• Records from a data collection

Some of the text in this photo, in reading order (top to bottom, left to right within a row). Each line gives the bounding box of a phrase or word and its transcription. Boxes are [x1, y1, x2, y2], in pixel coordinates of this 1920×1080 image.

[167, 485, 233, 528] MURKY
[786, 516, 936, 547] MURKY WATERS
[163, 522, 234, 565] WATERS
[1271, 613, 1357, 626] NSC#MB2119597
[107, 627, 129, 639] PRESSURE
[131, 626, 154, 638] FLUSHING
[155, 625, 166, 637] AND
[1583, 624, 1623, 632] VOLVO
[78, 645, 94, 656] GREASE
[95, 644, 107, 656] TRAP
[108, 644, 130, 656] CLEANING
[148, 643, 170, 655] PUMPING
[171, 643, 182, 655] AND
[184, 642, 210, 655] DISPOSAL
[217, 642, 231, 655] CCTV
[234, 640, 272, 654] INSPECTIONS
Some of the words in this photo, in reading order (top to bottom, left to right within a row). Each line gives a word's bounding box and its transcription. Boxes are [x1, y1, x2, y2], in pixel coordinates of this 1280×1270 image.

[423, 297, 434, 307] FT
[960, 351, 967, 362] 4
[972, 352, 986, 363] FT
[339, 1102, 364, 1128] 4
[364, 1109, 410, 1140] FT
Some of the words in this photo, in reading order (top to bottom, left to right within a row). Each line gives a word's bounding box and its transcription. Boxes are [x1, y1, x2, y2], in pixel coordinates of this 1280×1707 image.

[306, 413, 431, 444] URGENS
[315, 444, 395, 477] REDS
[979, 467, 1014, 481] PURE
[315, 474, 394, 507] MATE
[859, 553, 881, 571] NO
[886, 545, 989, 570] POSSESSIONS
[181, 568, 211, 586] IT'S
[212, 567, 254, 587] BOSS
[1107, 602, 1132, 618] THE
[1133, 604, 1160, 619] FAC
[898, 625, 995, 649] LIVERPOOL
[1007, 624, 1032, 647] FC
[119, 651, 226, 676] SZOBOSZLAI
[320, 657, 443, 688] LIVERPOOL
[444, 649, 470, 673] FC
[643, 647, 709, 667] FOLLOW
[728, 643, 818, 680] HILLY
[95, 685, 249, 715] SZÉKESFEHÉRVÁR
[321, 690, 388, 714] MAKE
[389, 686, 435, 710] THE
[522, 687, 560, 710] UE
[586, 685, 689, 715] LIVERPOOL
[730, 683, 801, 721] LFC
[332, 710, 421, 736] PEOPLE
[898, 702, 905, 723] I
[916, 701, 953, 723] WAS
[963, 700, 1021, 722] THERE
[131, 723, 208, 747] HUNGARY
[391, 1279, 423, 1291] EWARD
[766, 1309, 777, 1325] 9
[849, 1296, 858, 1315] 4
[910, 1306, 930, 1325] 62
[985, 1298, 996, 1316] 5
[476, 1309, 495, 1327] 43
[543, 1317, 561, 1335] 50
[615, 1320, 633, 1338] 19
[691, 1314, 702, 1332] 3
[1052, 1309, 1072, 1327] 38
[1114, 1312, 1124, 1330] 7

• What to produce
Output every record without changing any wording.

• Final answer
Some of the text in this photo, in reading order (top to bottom, left to right within a row). Each line gives the bounding box of a phrase or word and its transcription. Boxes are [x1, y1, x2, y2], in pixel coordinates of this 1920×1080 image.

[167, 485, 233, 528] MURKY
[786, 516, 936, 547] MURKY WATERS
[163, 522, 234, 565] WATERS
[1271, 613, 1357, 626] NSC#MB2119597
[107, 627, 129, 639] PRESSURE
[131, 626, 154, 638] FLUSHING
[155, 625, 166, 637] AND
[1583, 624, 1623, 632] VOLVO
[78, 645, 94, 656] GREASE
[95, 644, 107, 656] TRAP
[108, 644, 130, 656] CLEANING
[148, 643, 170, 655] PUMPING
[171, 643, 182, 655] AND
[184, 642, 210, 655] DISPOSAL
[217, 642, 231, 655] CCTV
[234, 640, 272, 654] INSPECTIONS
Some of the words in this photo, in reading order (top to bottom, left to right within a row). Each line gives a word's bounding box and its transcription. Boxes are [x1, y1, x2, y2], in pixel coordinates of this 1280×1270 image.

[423, 297, 434, 307] FT
[960, 351, 967, 362] 4
[972, 352, 986, 363] FT
[339, 1102, 364, 1128] 4
[364, 1109, 410, 1140] FT
Some of the words in this photo, in reading order (top to bottom, left to right within a row). Each line gives a word's bounding box and its transcription. Boxes are [x1, y1, x2, y2], in pixel coordinates of this 1280×1707 image.

[306, 413, 431, 444] URGENS
[315, 444, 395, 477] REDS
[979, 467, 1014, 481] PURE
[315, 474, 394, 507] MATE
[859, 553, 881, 571] NO
[886, 545, 989, 570] POSSESSIONS
[181, 568, 211, 586] IT'S
[212, 567, 254, 587] BOSS
[1107, 602, 1132, 618] THE
[1133, 604, 1160, 619] FAC
[898, 625, 995, 649] LIVERPOOL
[1007, 624, 1032, 647] FC
[119, 651, 226, 676] SZOBOSZLAI
[320, 657, 443, 688] LIVERPOOL
[444, 649, 470, 673] FC
[643, 647, 709, 667] FOLLOW
[728, 643, 818, 680] HILLY
[95, 685, 249, 715] SZÉKESFEHÉRVÁR
[321, 690, 388, 714] MAKE
[389, 686, 435, 710] THE
[522, 687, 560, 710] UE
[586, 685, 689, 715] LIVERPOOL
[730, 683, 801, 721] LFC
[332, 710, 421, 736] PEOPLE
[898, 702, 905, 723] I
[916, 701, 953, 723] WAS
[963, 700, 1021, 722] THERE
[131, 723, 208, 747] HUNGARY
[391, 1279, 423, 1291] EWARD
[766, 1309, 777, 1325] 9
[849, 1296, 858, 1315] 4
[910, 1306, 930, 1325] 62
[985, 1298, 996, 1316] 5
[476, 1309, 495, 1327] 43
[543, 1317, 561, 1335] 50
[615, 1320, 633, 1338] 19
[691, 1314, 702, 1332] 3
[1052, 1309, 1072, 1327] 38
[1114, 1312, 1124, 1330] 7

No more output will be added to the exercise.